O'Malley, a professional engineer who works for a design consulting firm, is also retained by a municipality to furnish advice, perform studies, and review requests for proposals (RFPs). Under the terms of the agreement with the Municipality, O'Malley is barred from preparing the plans for any private client of the consulting firm, if those plans will eventually be submitted to the Municipality for review or approval. O'Malley has a similar agreement with the consulting firm. However, other people working for the design consulting firm can help clients prepare plans to submit to the Municipality.
Are the arrangements described above sufficient to prevent a conflict of interest? Would having additional information change your assessment of the situation? If so, what information? How would it be useful?

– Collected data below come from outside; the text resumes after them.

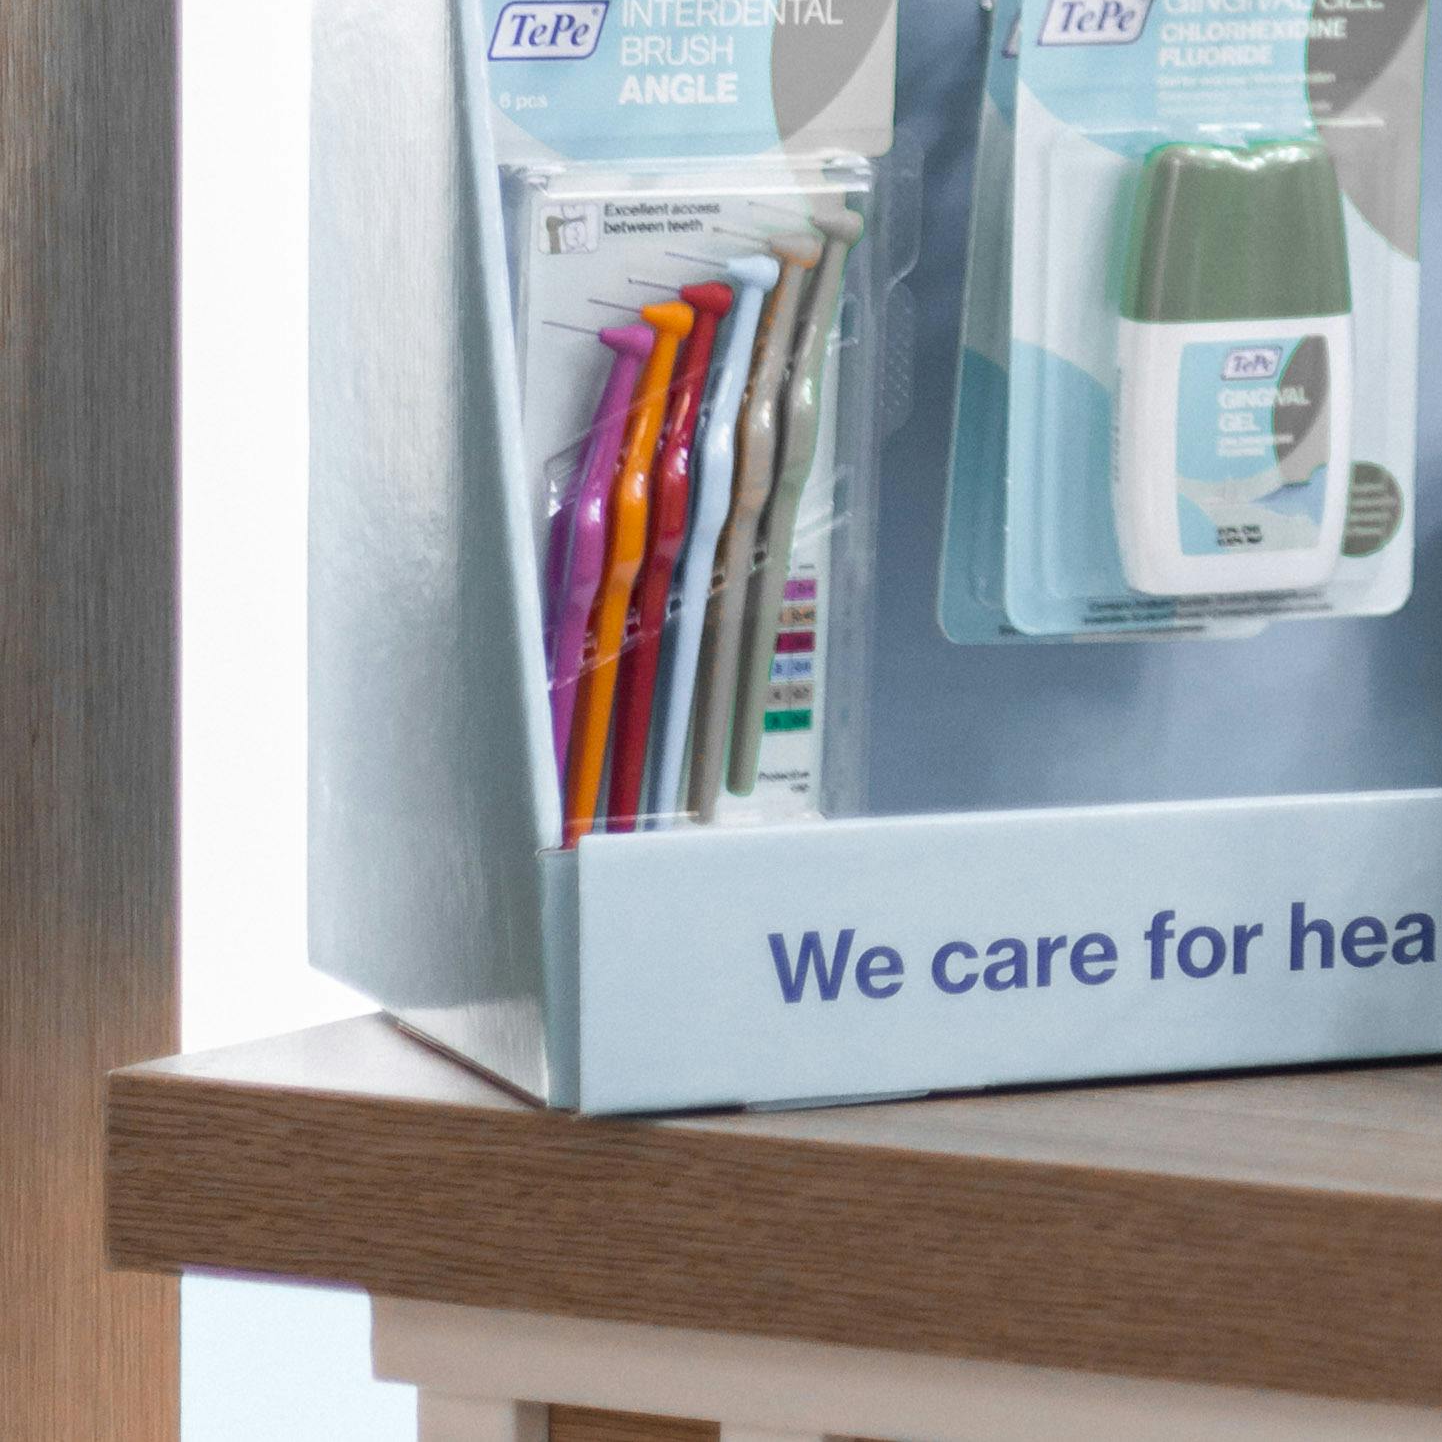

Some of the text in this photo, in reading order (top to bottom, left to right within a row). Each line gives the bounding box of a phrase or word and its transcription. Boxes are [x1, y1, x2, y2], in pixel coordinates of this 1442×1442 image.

[510, 13, 591, 49] TePe
[620, 36, 733, 66] BRUSH
[1157, 44, 1274, 67] FLUORIDE
[619, 72, 739, 106] ANGLE
[603, 201, 720, 217] Excellent access
[603, 218, 704, 235] between teeth
[767, 928, 906, 1004] We
[930, 931, 1118, 995] care
[1144, 909, 1263, 981] for
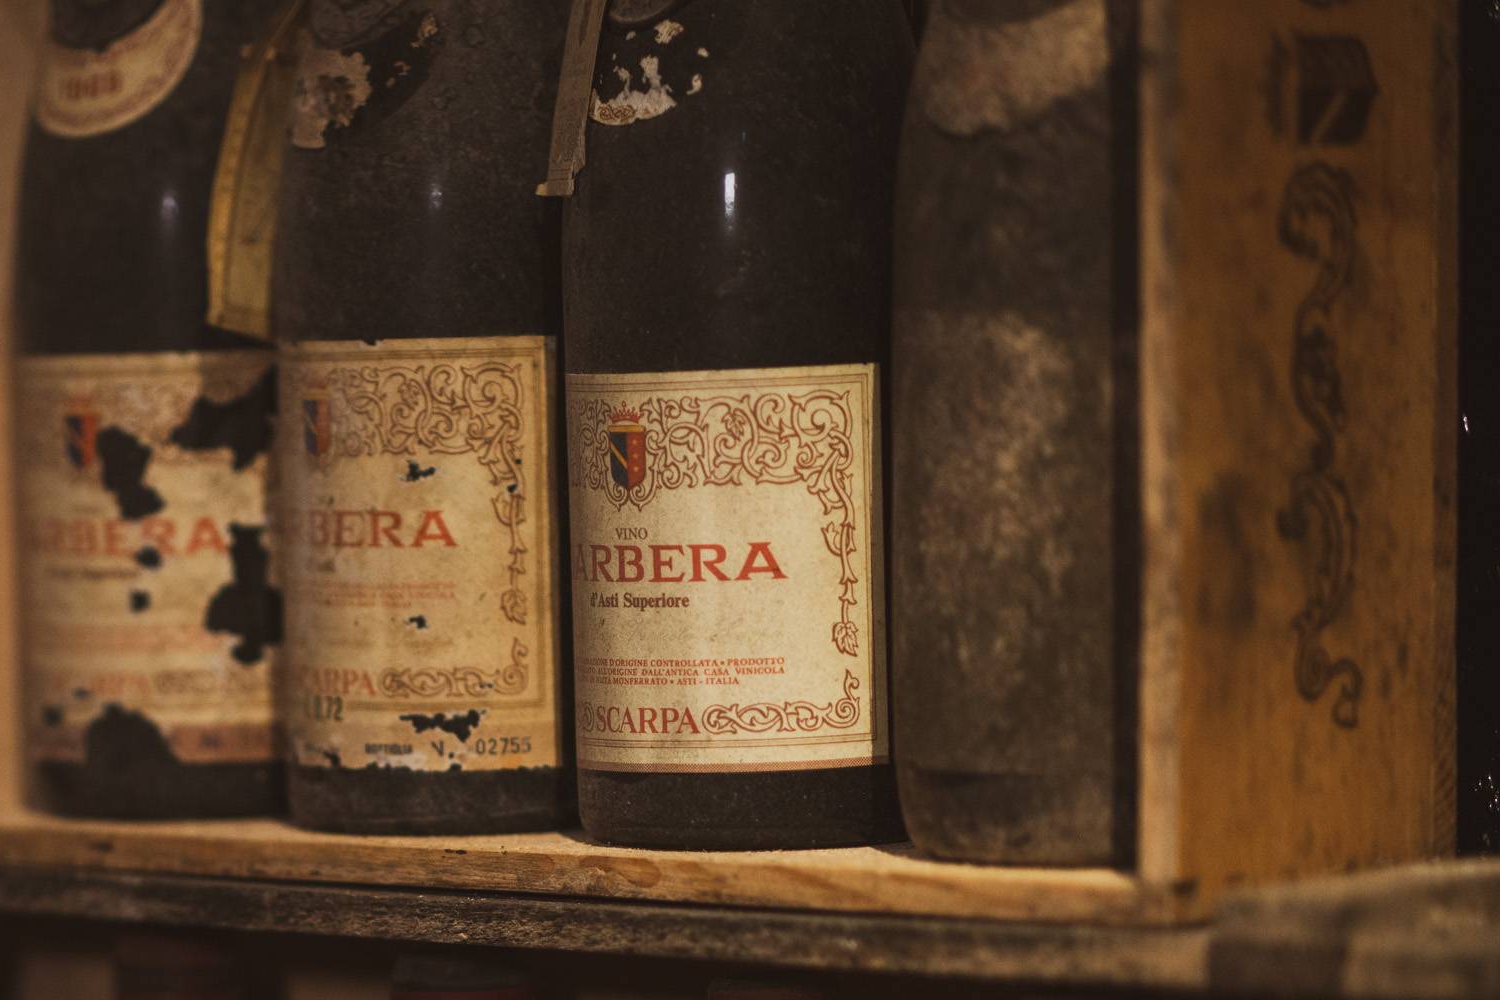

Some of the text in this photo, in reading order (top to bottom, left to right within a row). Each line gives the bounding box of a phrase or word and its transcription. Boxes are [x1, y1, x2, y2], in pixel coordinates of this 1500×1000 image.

[615, 527, 648, 540] VINO
[573, 541, 789, 583] ARBERA
[623, 592, 690, 612] Superiore
[650, 658, 718, 667] CONTROLLATA
[727, 657, 785, 667] PRODOTTO
[641, 668, 699, 677] DALL'ANTICA
[704, 668, 730, 677] CASA
[735, 666, 785, 675] VINICOLA
[612, 677, 668, 686] MONFERRATO
[676, 677, 697, 686] ASTI
[705, 676, 740, 686] ITALIA
[596, 705, 701, 735] SCARPA

Suppose Engineers O'Connor and O'Brien of the design consulting firm are preparing plans for a client which will be submitted to the municipality. O'Connor and O'Brien are confronted with a problem in preparing those plans that O'Malley has the expertise to answer. O'Connor and O'Brien approach O'Malley with the problem and ask for his advice.
What should O'Malley do? Are the arrangements described above sufficient to provide O'Malley with the proper guidance?
--adapted from NSPE Case No. 90-7
NSPE Code of Ethics An earlier version may have been used in this case.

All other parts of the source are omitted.